# broken record and im pzzzed



## Shooboomafoo (Mar 30, 2011)

The plans to go camping with my daughter and friends fell through. Get a txt from the ex asking if Im still going. shes "concerned" about the weather.
Noticed today her relationship status changed and so did his.
Everyone on his page is " so glad you found a good woman".

Little do they know.

Just angry. Shouldnt have looked at her or his FB page. My fault.

Im not doing very well at this.

It appears resentment has no bottom.


----------



## Traggy (Jan 26, 2012)

Shooboomafoo said:


> The plans to go camping with my daughter and friends fell through.

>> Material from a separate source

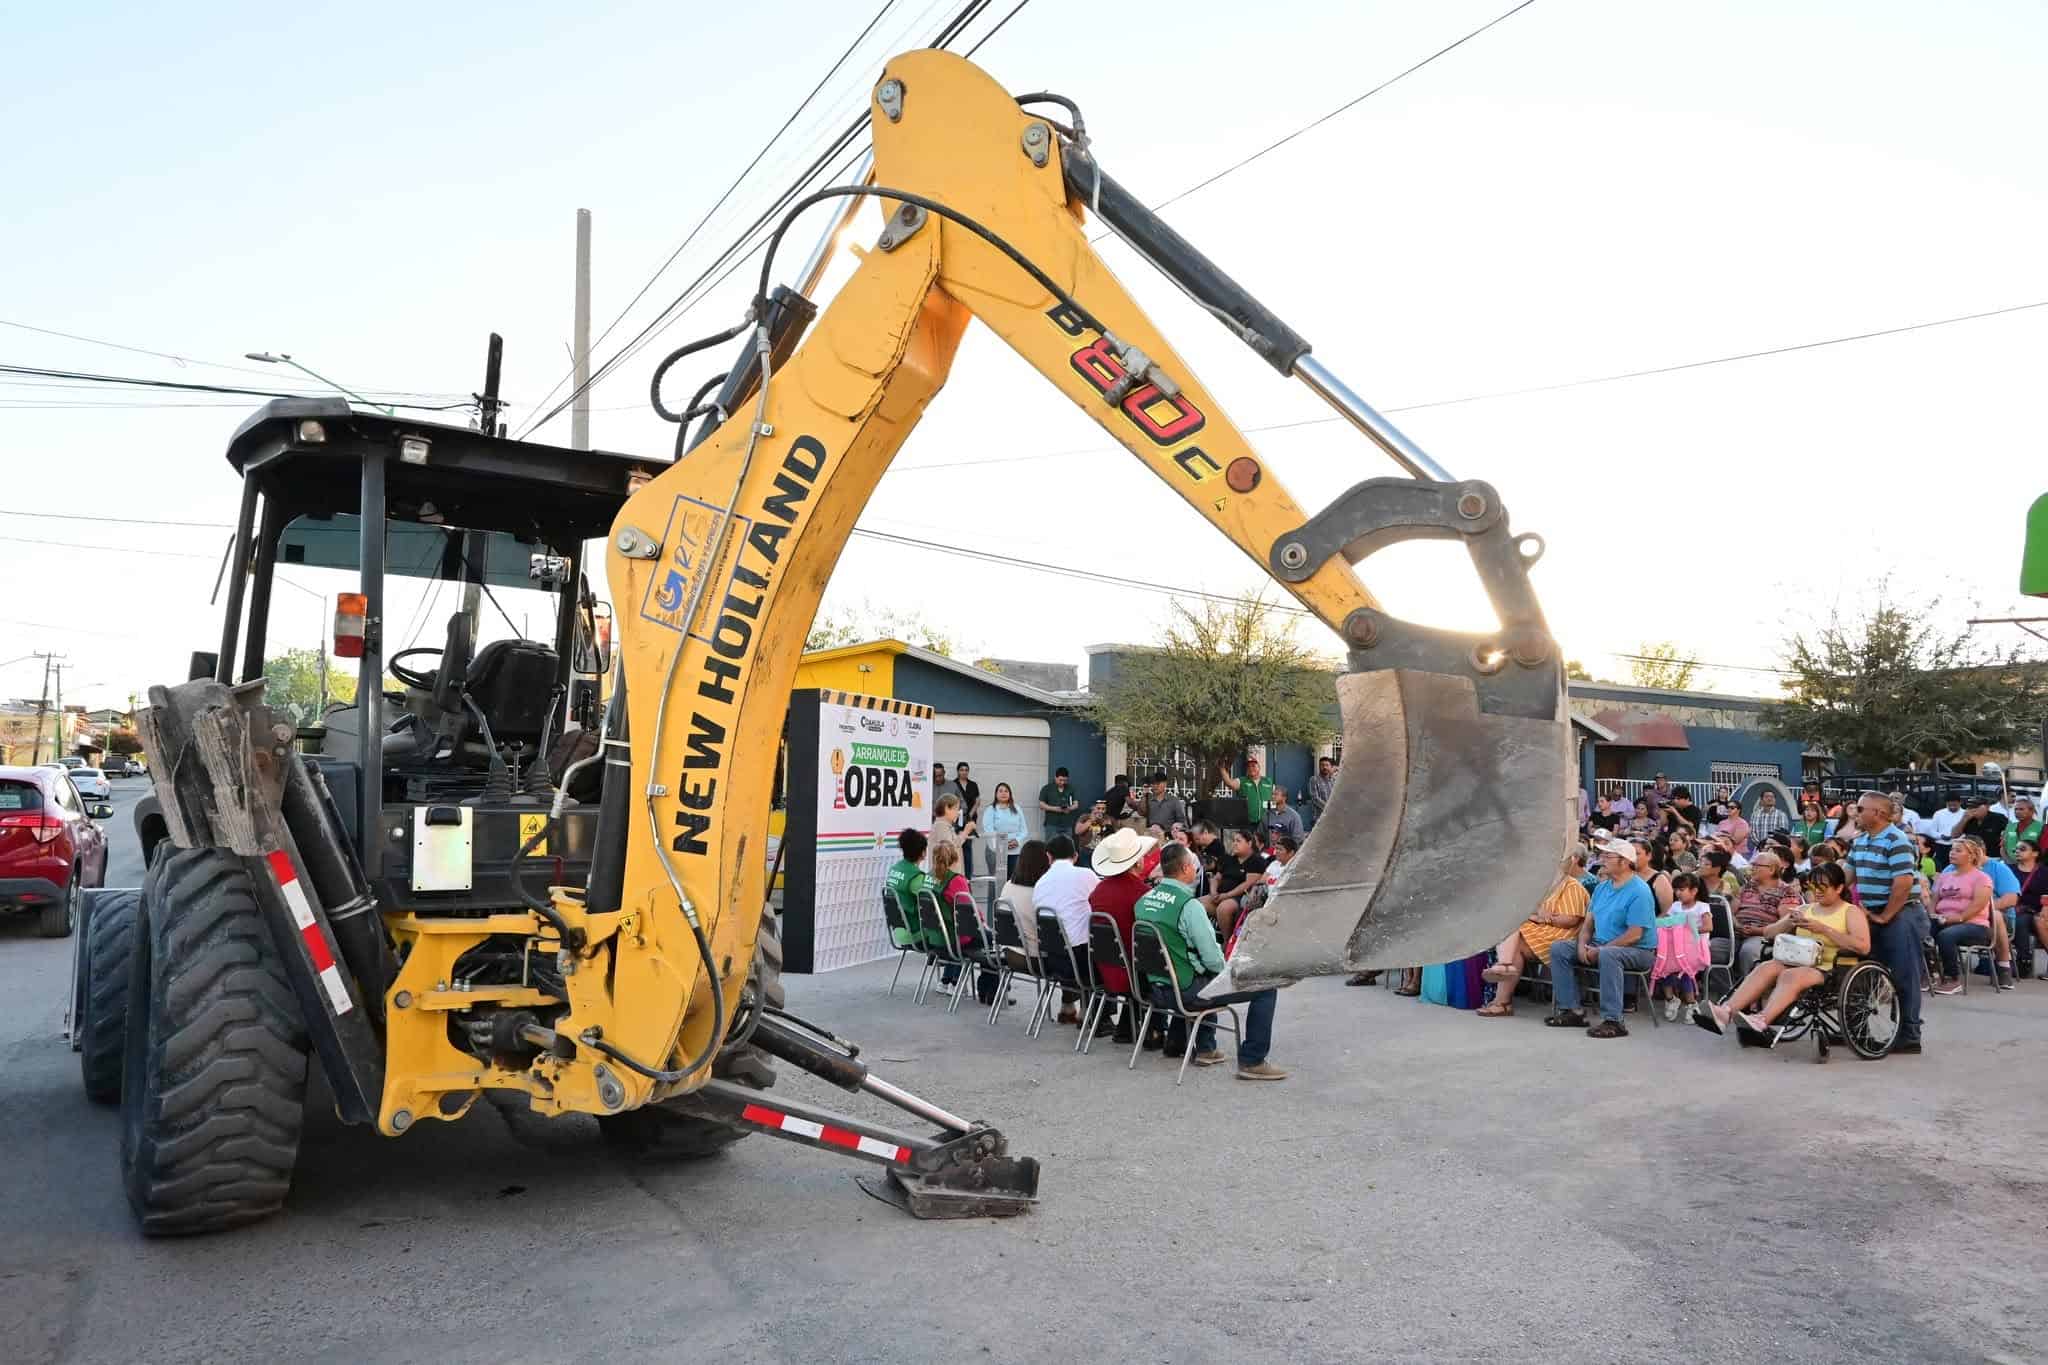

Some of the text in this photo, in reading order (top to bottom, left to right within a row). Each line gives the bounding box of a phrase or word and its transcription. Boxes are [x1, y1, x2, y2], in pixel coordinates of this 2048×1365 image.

[698, 434, 827, 705] HOLLAND
[673, 712, 727, 856] NEW
[845, 766, 912, 807] OBRA
[855, 746, 907, 763] ARRANQUE DE

Get a txt from the ex asking if Im still going. shes "concerned" about the weather.
> Noticed today her relationship status changed and so did his.
> Everyone on his page is " so glad you found a good woman".
> 
> ...


You need to stop with the FB. I swear that thing is pure evil. To much access for to little effort. 

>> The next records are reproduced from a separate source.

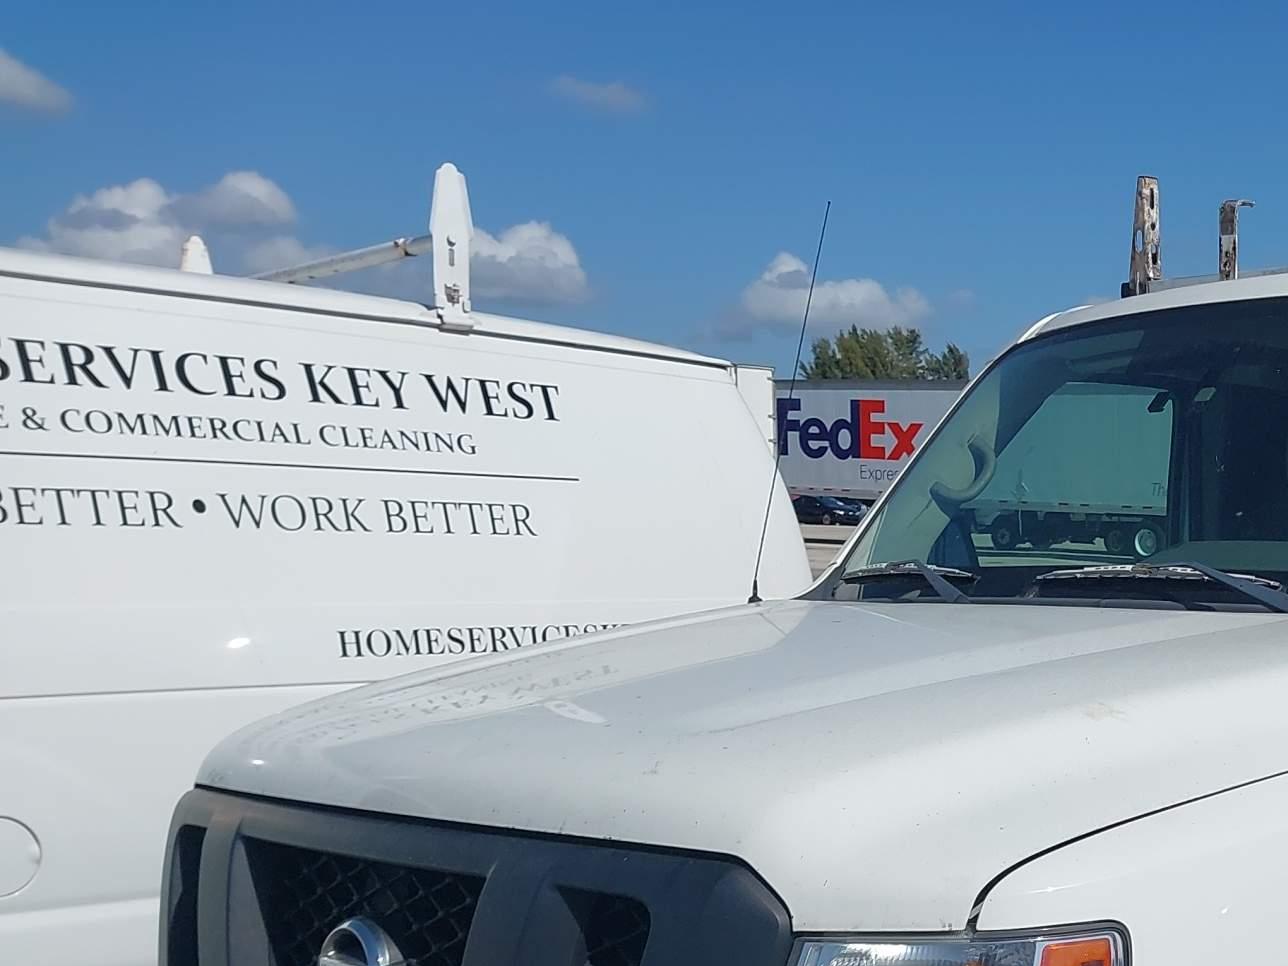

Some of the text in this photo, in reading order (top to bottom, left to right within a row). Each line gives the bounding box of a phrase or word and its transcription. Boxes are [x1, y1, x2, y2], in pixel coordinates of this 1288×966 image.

[298, 361, 408, 410] KEY
[420, 373, 560, 422] WEST
[21, 406, 50, 431] &
[59, 408, 311, 446] COMMERCIAL
[318, 424, 478, 456] CLEANING
[776, 398, 924, 461] FedEx
[216, 493, 373, 533] WORK
[380, 499, 538, 537] BETTER

Curiosity killed the cat my friend.

I know that this might sound preachy, but if you are at all spiritual, focus in on your faith right now. Take some of that off of your shoulders. 

It helps me a ton..


----------



## Shooboomafoo (Mar 30, 2011)

Hey Traggy, I pray very often. Sometimes just that I have peace for the day. I have to keep tabs, because my daughter is over there, and her moms a liar. I of course cant make it about my daughter, because that would appear to be a copout to people.
Nothing I can do but like you say, avoid..


----------



## Traggy (Jan 26, 2012)

Shooboomafoo said:


> Hey Traggy, I pray very often. Sometimes just that I have peace for the day. I have to keep tabs, because my daughter is over there, and her moms a liar. I of course cant make it about my daughter, because that would appear to be a copout to people.
> Nothing I can do but like you say, avoid..

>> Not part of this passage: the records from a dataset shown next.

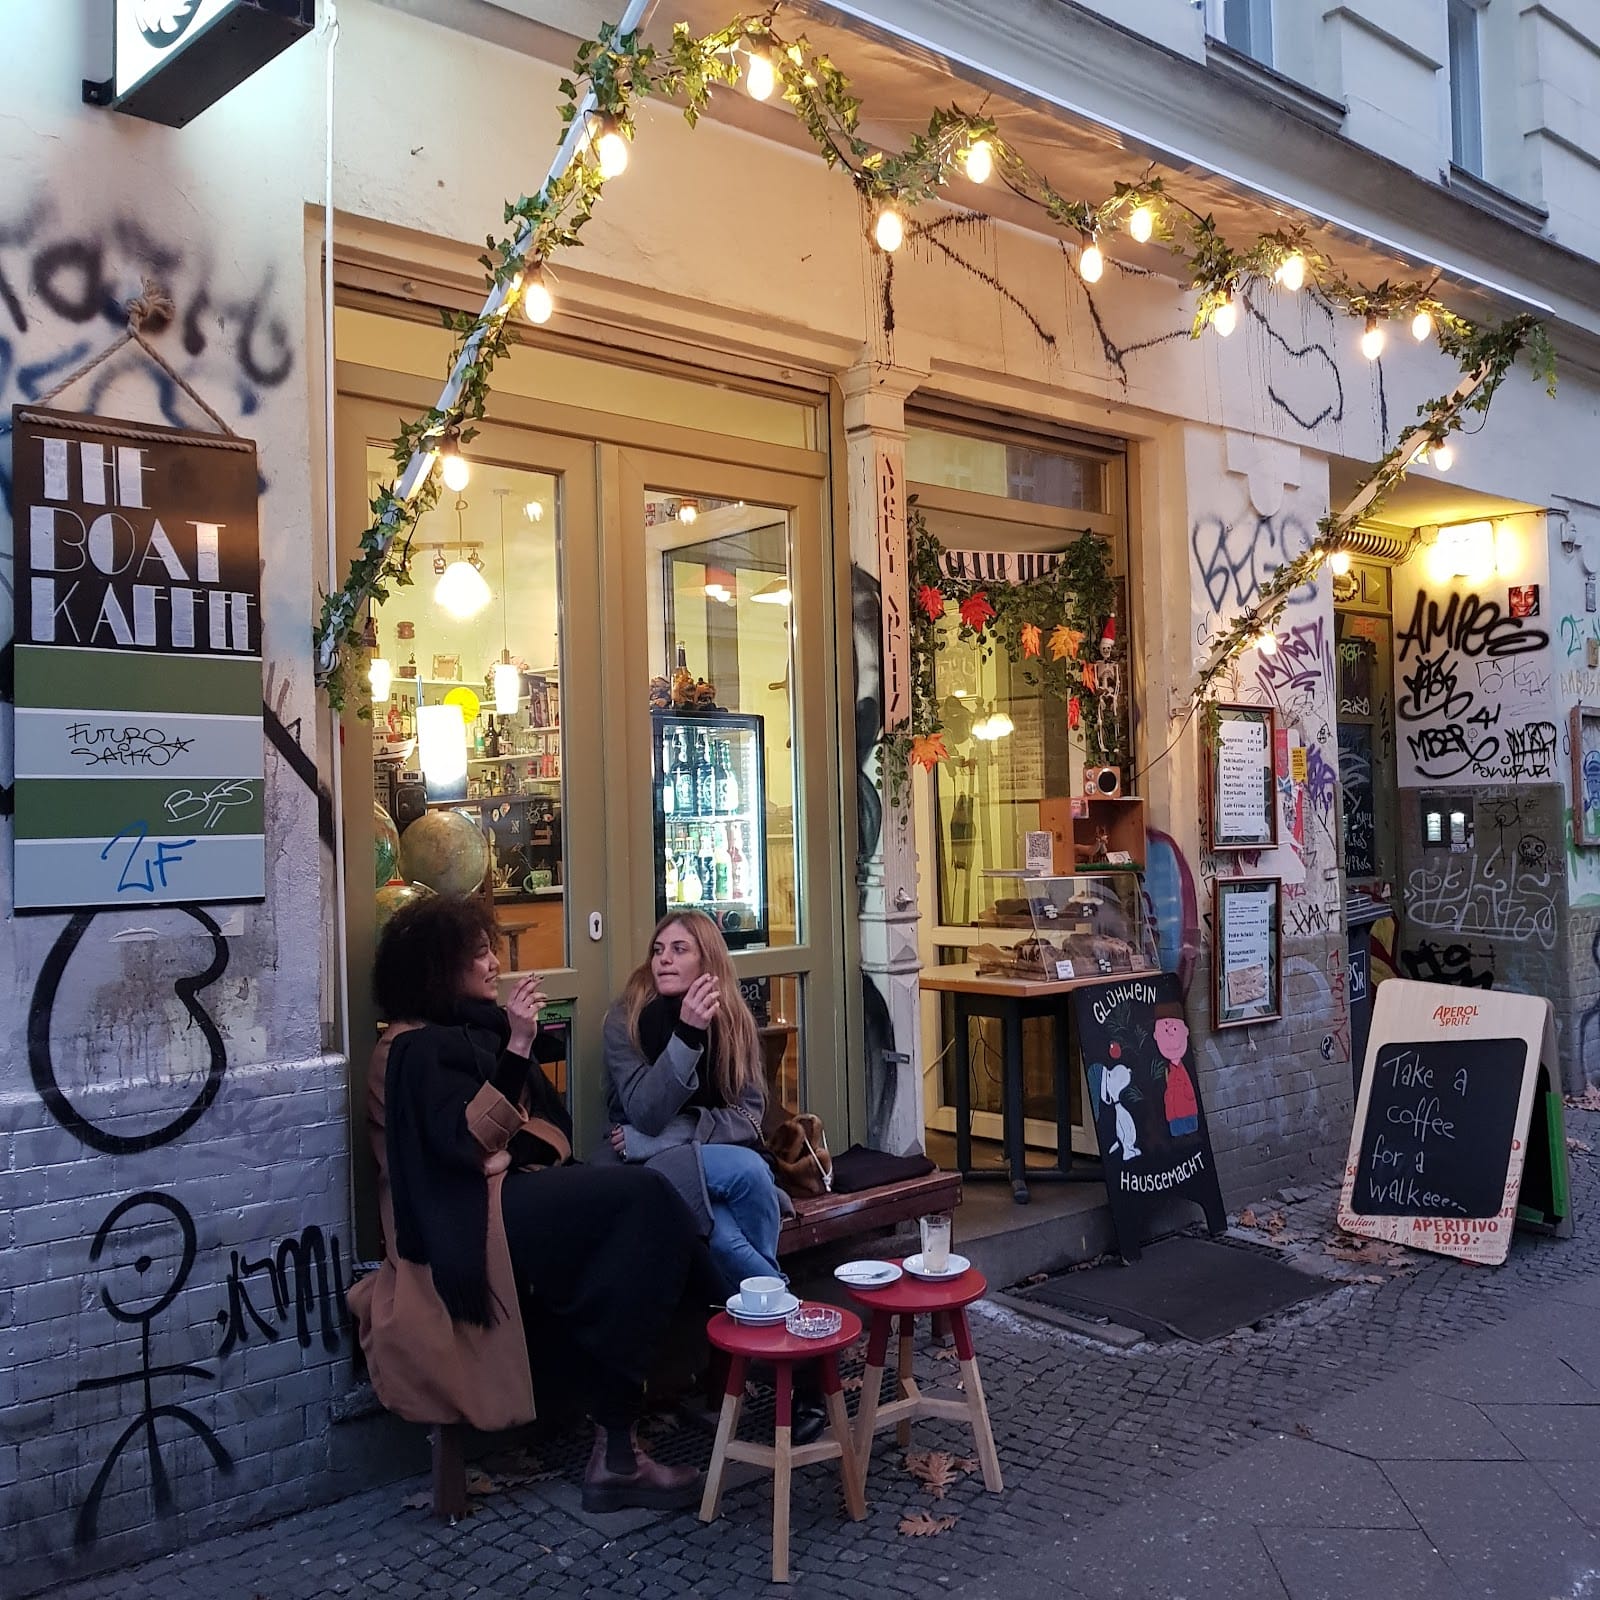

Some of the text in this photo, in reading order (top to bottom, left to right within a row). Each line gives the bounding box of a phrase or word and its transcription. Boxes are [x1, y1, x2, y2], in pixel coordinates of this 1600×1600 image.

[31, 436, 156, 509] THE
[30, 505, 227, 583] BOAT
[31, 576, 256, 651] KAFFEE
[1433, 1005, 1478, 1019] APEROL
[1440, 1017, 1470, 1026] SPRITZ
[1383, 1051, 1467, 1096] Take a
[1387, 1097, 1455, 1142] coffee
[1372, 1134, 1424, 1173] for a
[1413, 1219, 1498, 1233] APERITIVO

Yeah, the keeping tabs thing. I get that. I am not there yet, but I wonder if I am going to be like you when my daughter is away.

Stuff being in your face is definitely a bummer. I have it in my face daily when she leaves to see the OM because we are still in the same house. 

Is it tacky? yes. Does it hurt? Like hell. Is it getting better? Honestly, yes.

Is she a good mom? Is your daughter happy? 

I hate your Ex bringing men around so openly, that to me is ridiculous and being a bad parent. I will never bring someone around my daughter unless it is serious and there is a future in it. Have you spoken to her about this? How is your daughter going to turn out growing up seeing different men coming and going, in and out of her mother's life? How is that going to show her how a true relationship is going to be? 

I do not like that at all. These are my concerns coming out to you, because I know I am in for this same ride. You are just up the road a bit further than me.


----------



## Shooboomafoo (Mar 30, 2011)

Court ordered parenting classes recommend the same thing. To give the kids time to adjust before introducing a new person into their lives. But again, it seems fruitless to mention it to a selfcentered psychopath that wouldnt listen anyways. 
So far, the kid is doing okay, its just her mom continues to act like a moron, and I'd kind of like to preserve the kids well being as it is, even with all the [email protected] going on at that house.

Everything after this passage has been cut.